As for clippers, it depends on the exact time period. The Americans got a head start with building clippers, beginning around 1845, but the British didn't start building their own until the 1850s, so the Yankee ships were better in the early years because their shipbuilders had more experience. Once the Brits got going, their versions caught up with their American counterparts by about 1860 or so, and possibly surpassed them. 

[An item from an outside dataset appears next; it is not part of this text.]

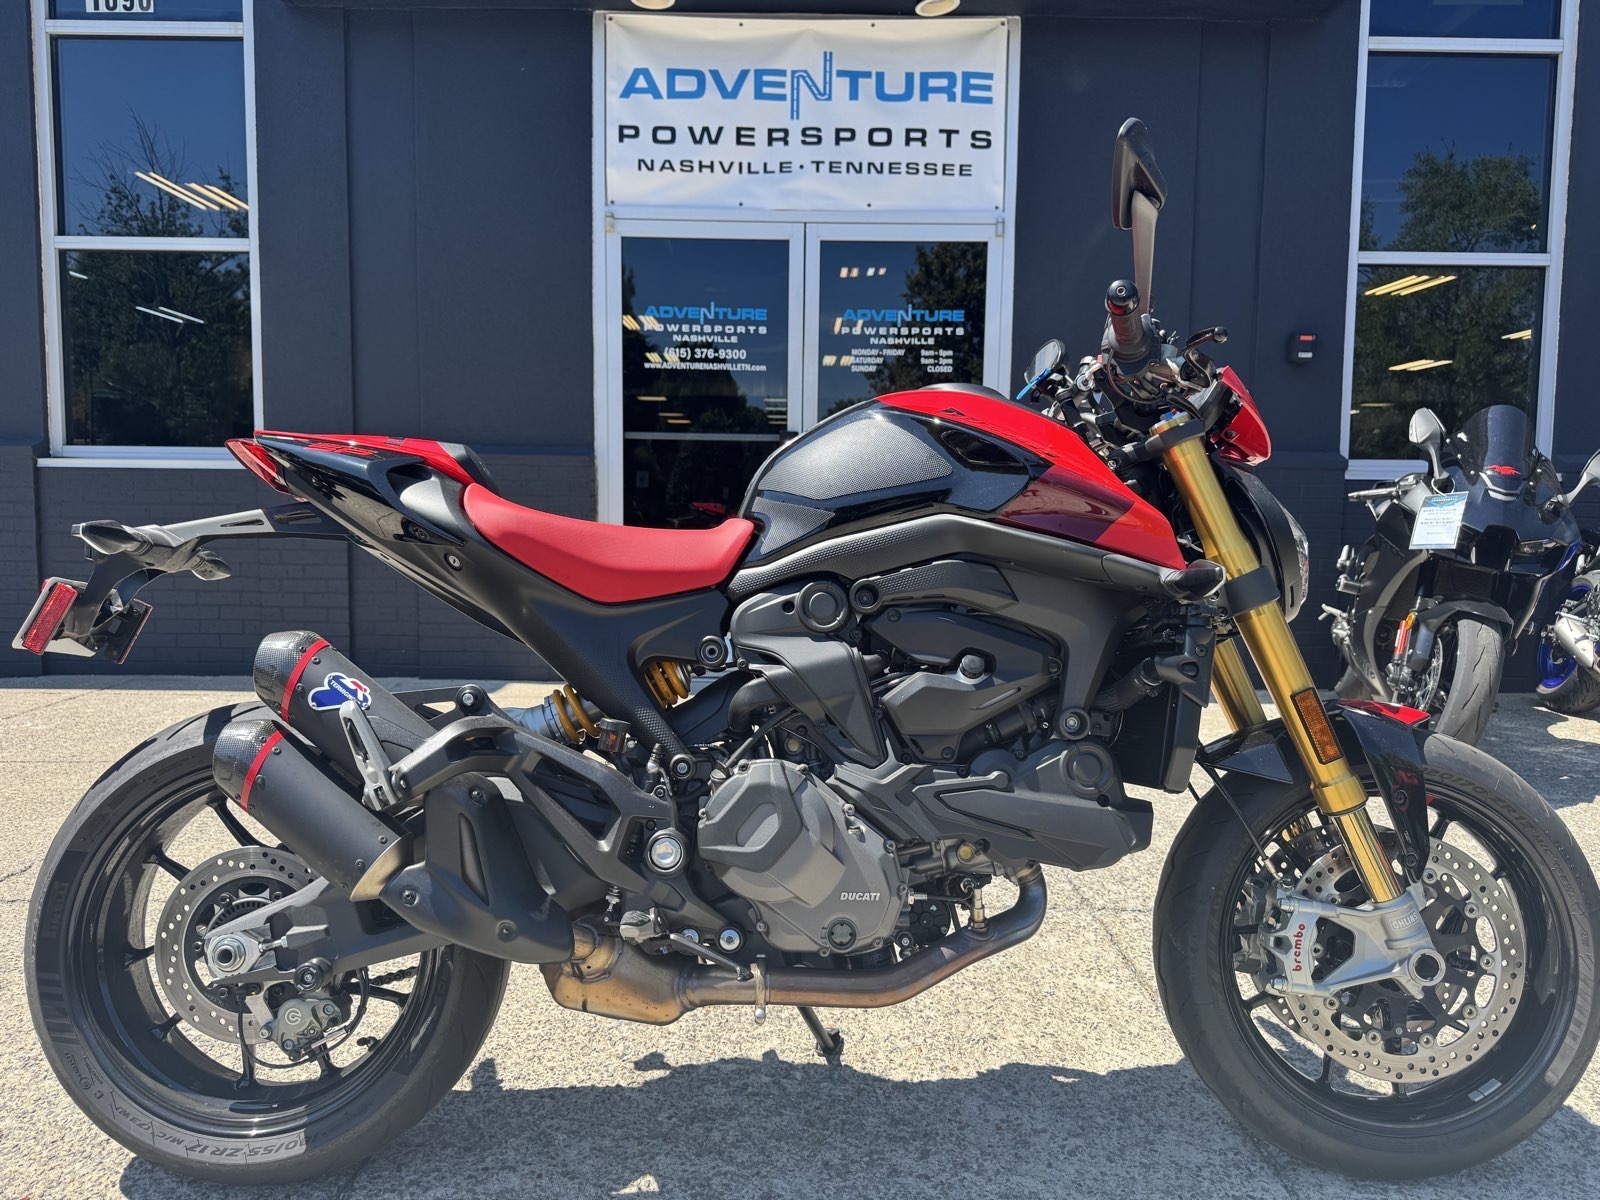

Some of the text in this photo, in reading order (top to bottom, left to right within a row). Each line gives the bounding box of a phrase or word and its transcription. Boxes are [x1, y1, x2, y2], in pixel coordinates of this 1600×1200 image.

It is difficult to compare performance because the British and American clippers largely ran different routes. Yankee clippers usually ran the route from New York or Boston to San Francisco around Cape Horn, while the British clippers usually ran the China or Australia routes from England around the Cape of Good Hope. American clippers did do the China to London route (at least for a time), and an American ship, _Oriental_, made the voyage in 97 days, but this was in 1850 during the early days of clippers and before there was any foreign competition. The record for a clipper passage, both British and American, is 89 days. However, these were at different times on different routes, the American _Flying Cloud _going from New York to San Francisco in 1854, and the British _Taeping_ from Foochow (Fuzhou), China to London in 1866. There are too many variables, such as route length, ship design, currents that could help or hinder, to know for certain which performed better. Either way, British and American clippers were very similar in speed after about 1860.


----------



## Dark Squiggle (Dec 25, 2017)

I remember reading how Anna Judah worked as chief engineer and surveyor  of the Union Pacific after her husband Theodore died. It's a really cool story, even cooler than that of Emily Roebling, (who completed the building of the Brooklyn Bridge) because if it's true, it would mean Anna Judah worked as an engineer in the 1860's, while Roebling was just 'helping her crippled husband'. The only problem is I have never found a source for this again. Is it true?


----------



## Gurkhal (Dec 29, 2017)

Just a short question. What's your take on Francisco Solano López, president of Paraguy during the Paraguayan War?


----------



## Corwynn (Dec 30, 2017)

Dark Squiggle said:


> I remember reading how Anna Judah worked as chief engineer and surveyor  of the Union Pacific after her husband Theodore died. It's a really cool story, even cooler than that of Emily Roebling, (who completed the building of the Brooklyn Bridge) because if it's true, it would mean Anna Judah worked as an engineer in the 1860's, while Roebling was just 'helping her crippled husband'. The only problem is I have never found a source for this again. Is it true?



This is the first I've heard of it, but then again, this is the first I've heard about Roebling either. I could look into it if you'd like.



Gurkhal said:


> Just a short question. What's your take on Francisco Solano López, president of Paraguy during the Paraguayan War?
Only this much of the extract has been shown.